I won’t go into the details of the conversation, but the gist of it was “Trump voters are scary.” Now I didn’t see what this person did, so maybe the specific people she saw were indeed frightening. But I know enough people who are voting for Trump to know “Trump voters are scary” can’t be a blanket statement, the same way I know enough people voting for Harris to know “Harris voters are radicals” can’t be a blanket statement. Our political parties aren’t populated by two-dimensional Bond villains. They aren’t populated by lemmings either.

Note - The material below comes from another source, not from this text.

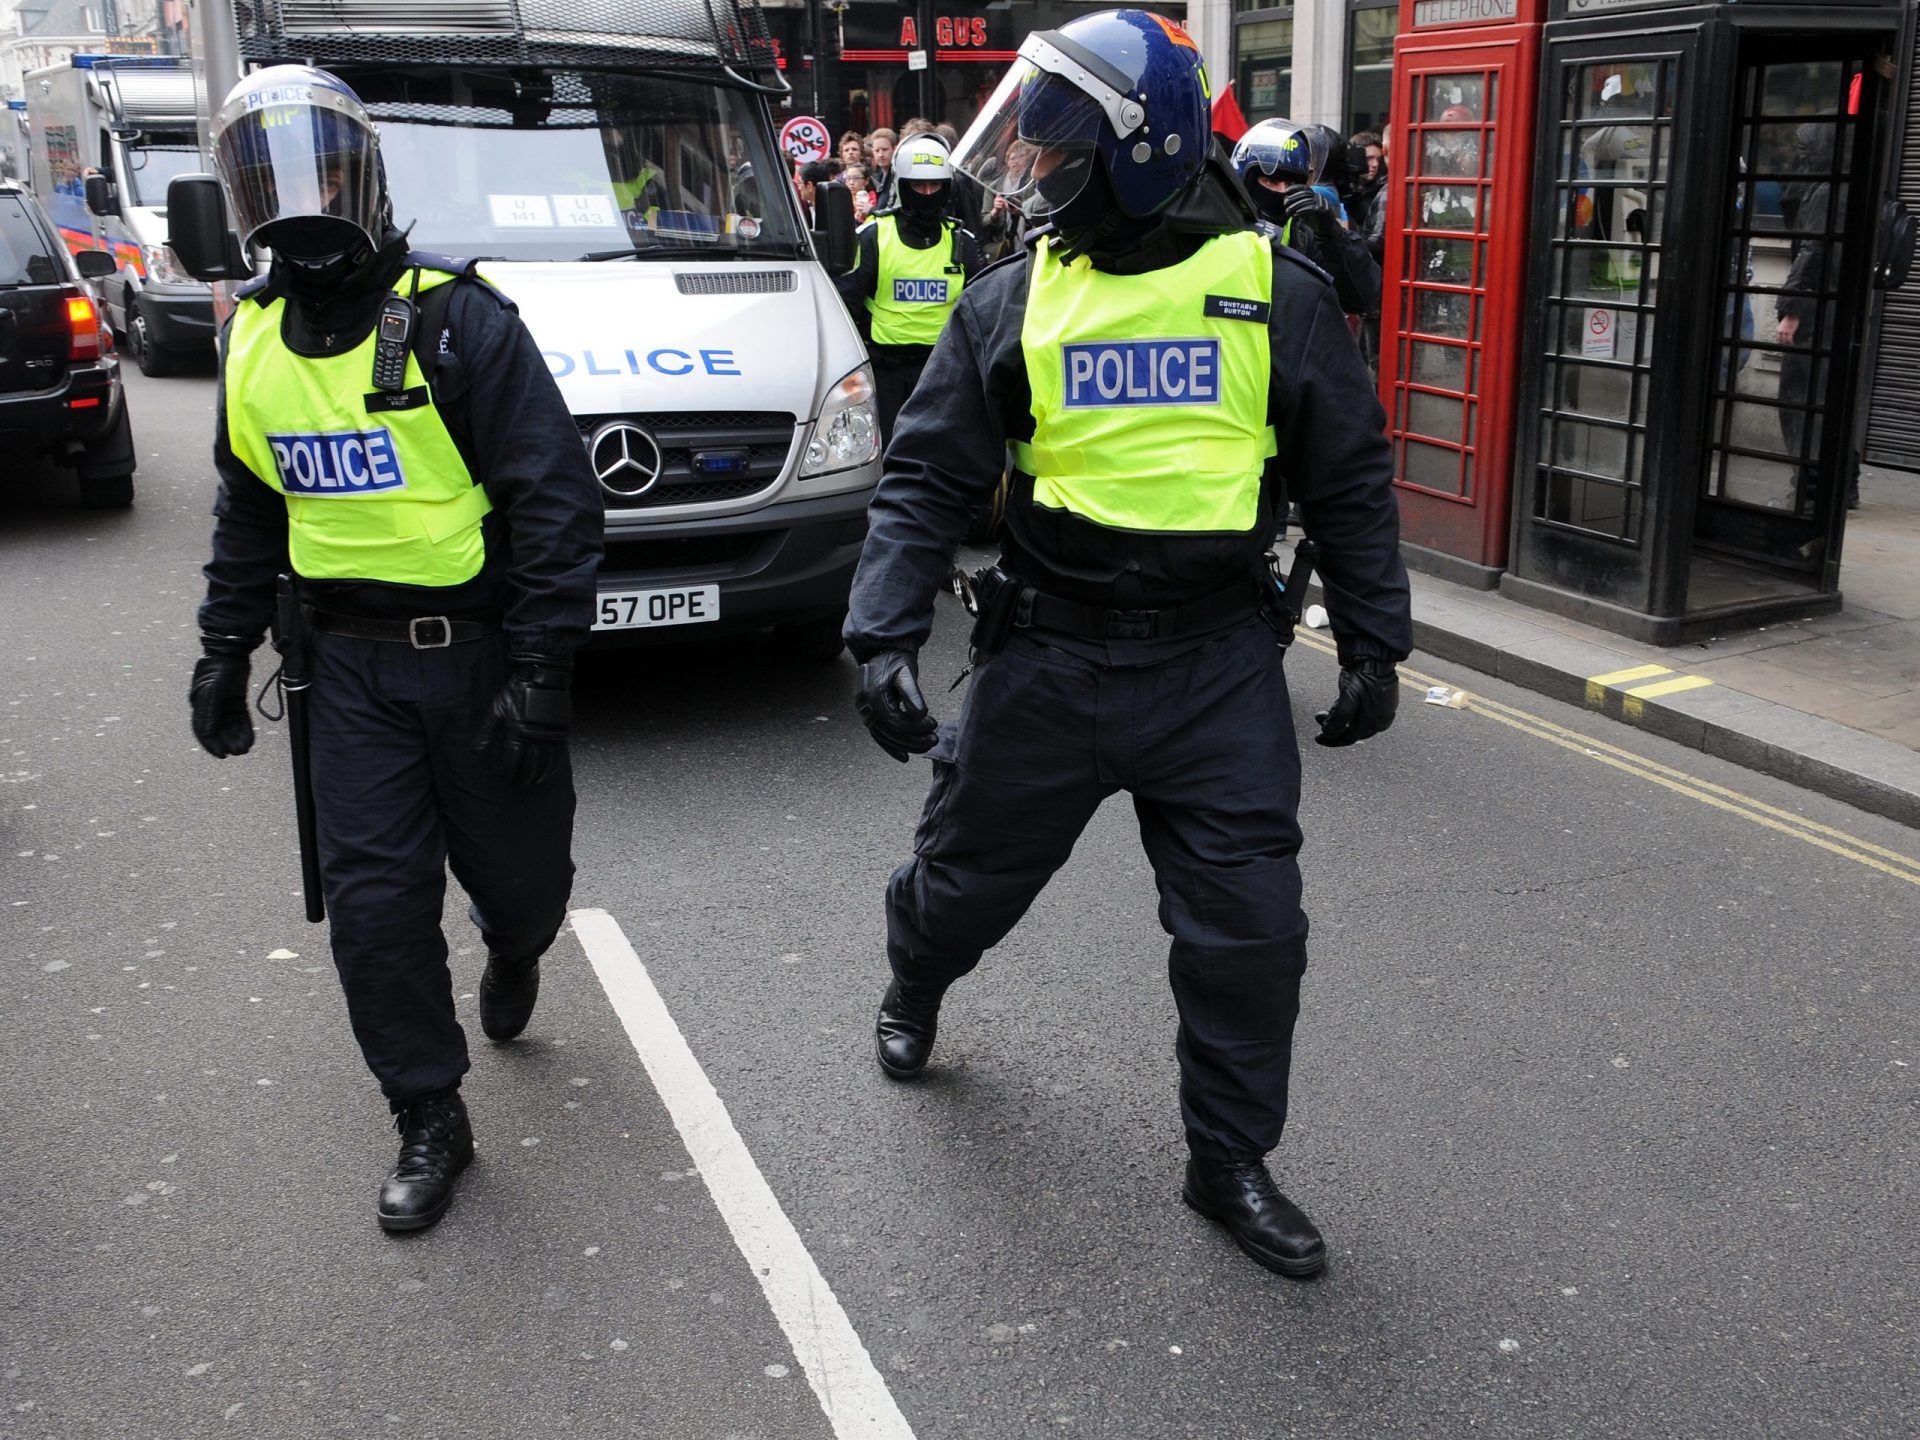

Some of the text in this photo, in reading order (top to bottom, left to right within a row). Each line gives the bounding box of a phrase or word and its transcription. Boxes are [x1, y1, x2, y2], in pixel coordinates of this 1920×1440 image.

It’s that last point I want to focus on, and particularly regarding those voting for Trump. Earlier this year, a journalist said something that I haven’t been able to shake. Speaking at a roundtable, he said, “What Democratic strategists fail to understand is a lot of people who vote for Trump don’t like him.” The implication, of course, is those voters like the Democratic candidate even less. Why would that be? (The journalist said this long before Harris entered the race, so accusations of widespread racism and sexism need not apply.)
Democratic strategists and leadership can’t keep blaming the other side for their own lack of popularity. They have to look inward. They have to see they can’t call inflation transitory when it’s clearly not. They can’t say the border isn’t an issue when it clearly is. They can’t botch an Afghanistan withdrawal and hold no one accountable. They can’t say their guy is fit to run for office and then dump him with barely three months to go because they’ve been found out. And they can’t demonize the other side’s voters (calling someone uninformed, misinformed, deplorable, etc. is far different than calling someone a Marxist or a radical). These are all unforced errors. Far more important, they’re an insult to voters, putting the lie to national Democrats portraying themselves as the adults in the room. Are they better than national Republicans and Trump? That’s for voters to decide, but Democrats haven’t helped themselves the past four years, and the polling shows that. How else can a man who tried to steal the last election be on the verge of winning this one?
We’ll see who wins tomorrow, but if Trump prevails, it won’t be because he beat Harris. It will be because Democrats beat themselves.